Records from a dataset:
■ ■ ■ ■ ■

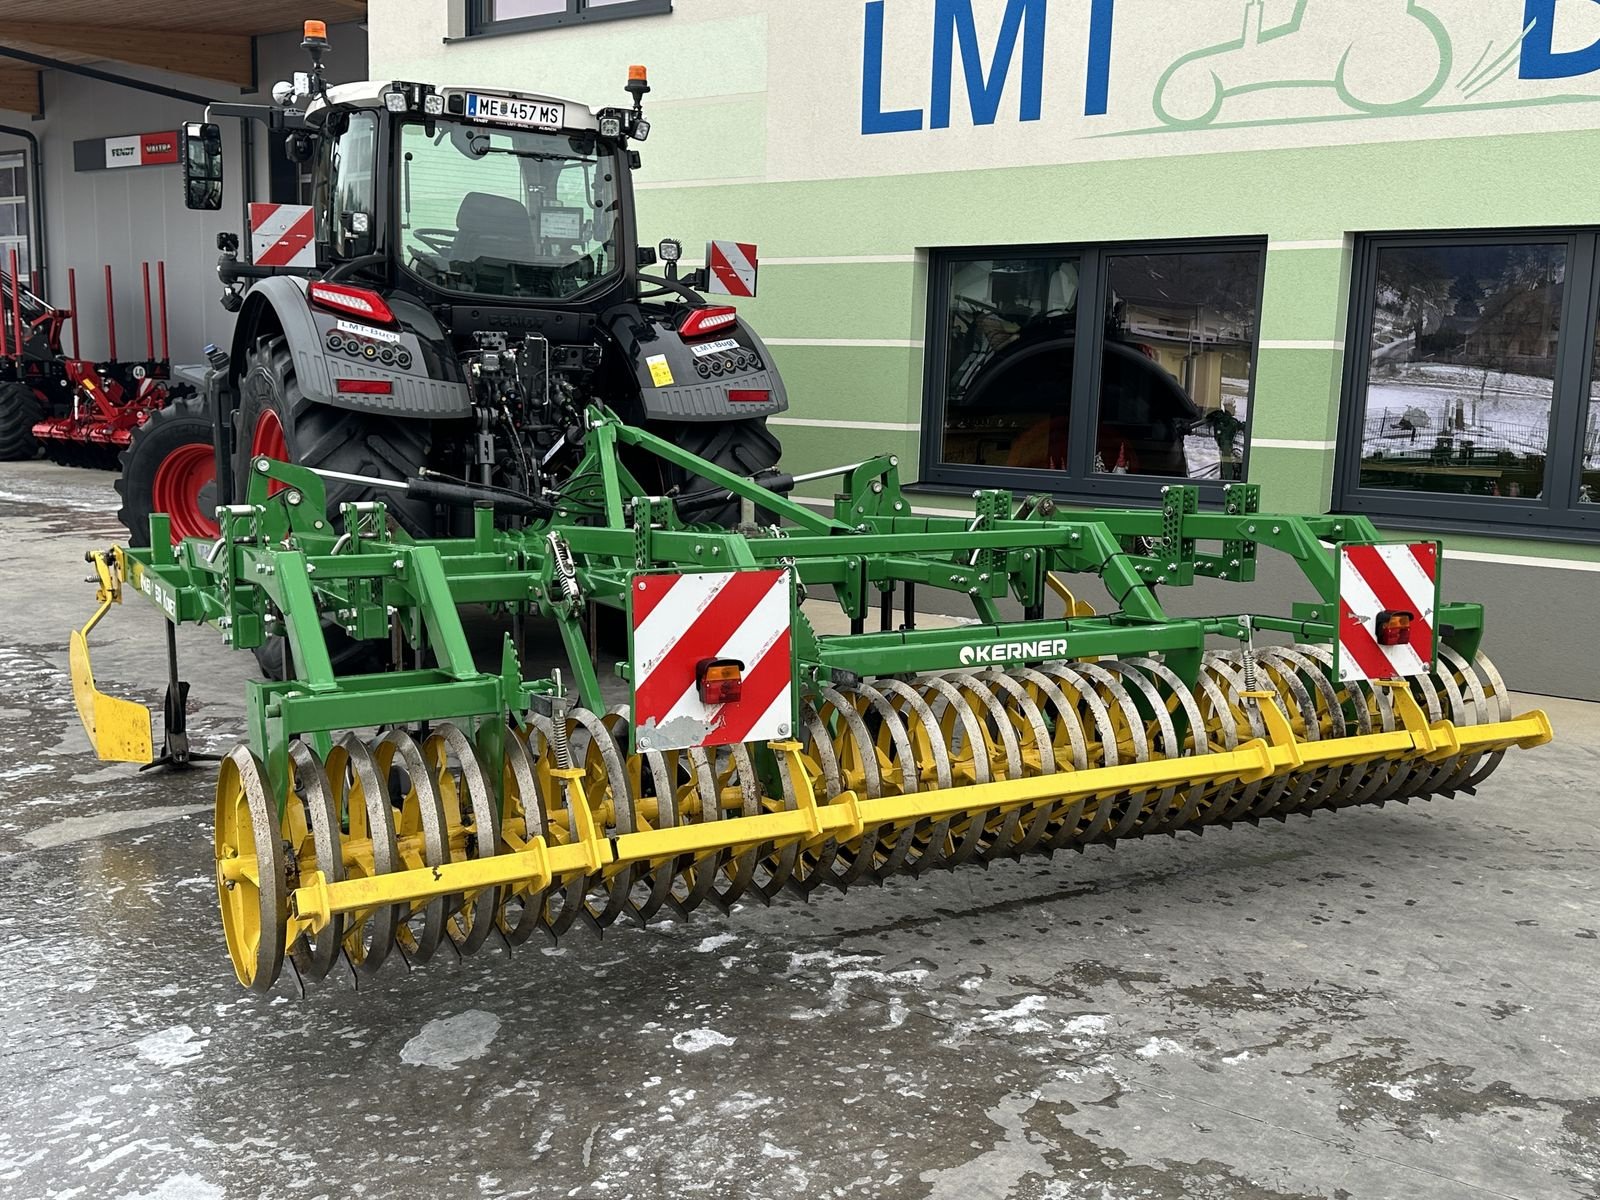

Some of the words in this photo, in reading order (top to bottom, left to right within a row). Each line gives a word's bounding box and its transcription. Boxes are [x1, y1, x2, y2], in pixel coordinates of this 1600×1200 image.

[479, 98, 499, 116] ME
[510, 103, 537, 121] 457
[539, 106, 559, 124] MS
[111, 147, 135, 157] FENDT
[694, 339, 735, 353] LMT-Bugl
[134, 368, 144, 377] 40
[976, 639, 1068, 663] KERNER

■ ■ ■ ■ ■

Directions: Without the pictures, reproduce every record exactly as it appears above.

Response to this task:
Some of the words in this photo, in reading order (top to bottom, left to right within a row). Each line gives a word's bounding box and its transcription. Boxes are [x1, y1, x2, y2], in pixel coordinates of this 1600×1200 image.

[479, 98, 499, 116] ME
[510, 103, 537, 121] 457
[539, 106, 559, 124] MS
[111, 147, 135, 157] FENDT
[694, 339, 735, 353] LMT-Bugl
[134, 368, 144, 377] 40
[976, 639, 1068, 663] KERNER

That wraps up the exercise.